The Quasi-Poisson Regression is a generalization of the Poisson regression and is used when modeling an overdispersed count variable.
This article describes how to create a Quasi-Poisson Regression output as shown below. The example below is a Poisson regression that models a survey respondent’s number of fast-food occasions based on characteristics like age, gender, and work status.
- A count Outcome variable with at least three outcomes to be predicted. Ideally, a Numeric variable. When using stacked data the Outcome variable should be a single question in a Multi type structure (eg. Numeric-Multi).
- Continuous, categorical, or binary Predictor variables will be considered as predictors of the outcome variable. When using stacked data the Predictor(s) need to be a single question in a Grid type structure (Binary - Grid).
- Go to Anything > Advanced Analysis > Regression > Quasi-Poisson Regression.
- In the object inspector go to the Inputs tab.
- In the Output menu select the binary variable to be predicted by the predictor variables.

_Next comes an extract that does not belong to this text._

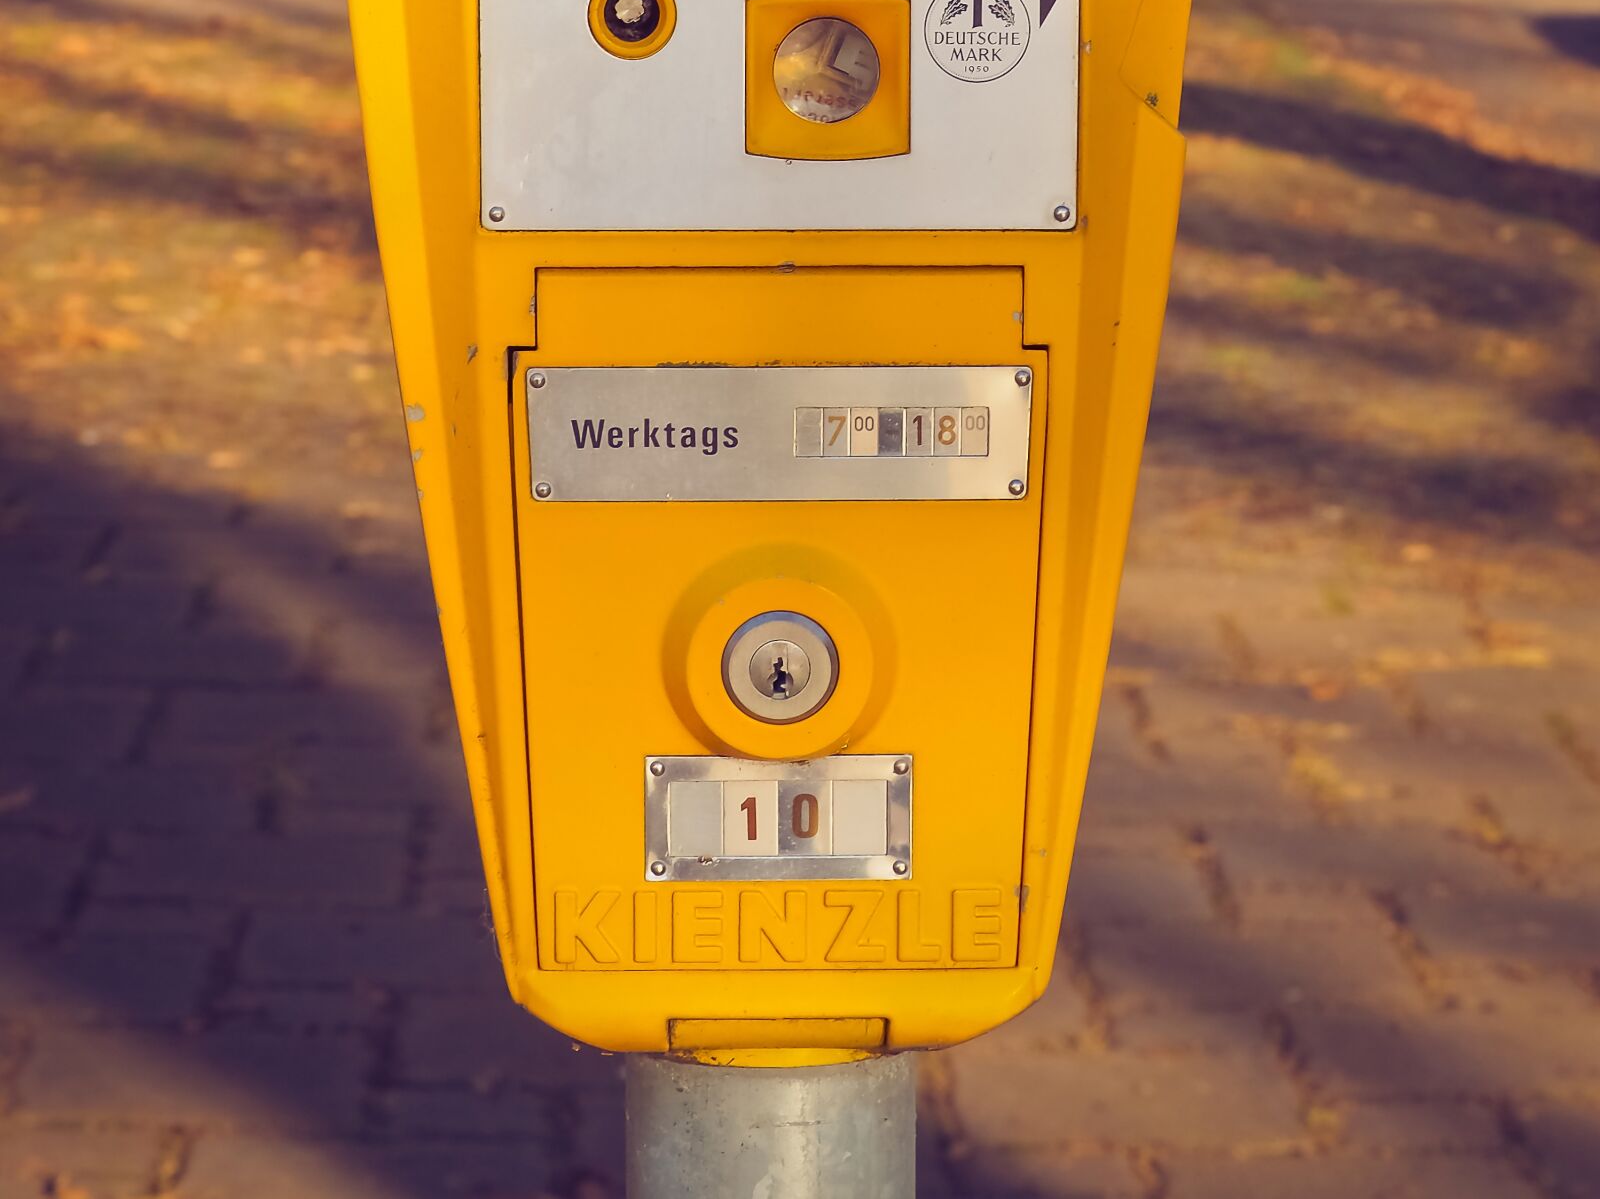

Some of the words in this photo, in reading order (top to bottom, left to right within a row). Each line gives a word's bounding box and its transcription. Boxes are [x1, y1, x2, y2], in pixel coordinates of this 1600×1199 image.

- Select the predictor variable(s) from the Predictor(s) list.
- OPTIONAL: Select the desired Output type:
- Summary: The default; as shown in the example above.
- Detail: Typical R output, some additional information compared to Summary, but without the pretty formatting.
- ANOVA: Analysis of variance table containing the results of Chi-squared likelihood ratio tests for each predictor.
- Relative Importance Analysis: The results of a relative importance analysis.
- Effects Plot Plots the relationship between each of the Predictors and the Outcome.
- OPTIONAL: Select the desired Missing Data treatment. (See Missing Data Options).
- OPTIONAL: Select Variable names to display variable names in the output instead of labels.
- OPTIONAL: Select Correction. Choose between None (the default), False Discovery Rate, Bonferroni.
- OPTIONAL: Specify the Automated outlier removal percentage to remove possible outliers.
- OPTIONAL: Select Stack data to stack the input data prior to analysis. Stacking can be desirable when each individual in the data set has multiple cases and an aggregate model is desired.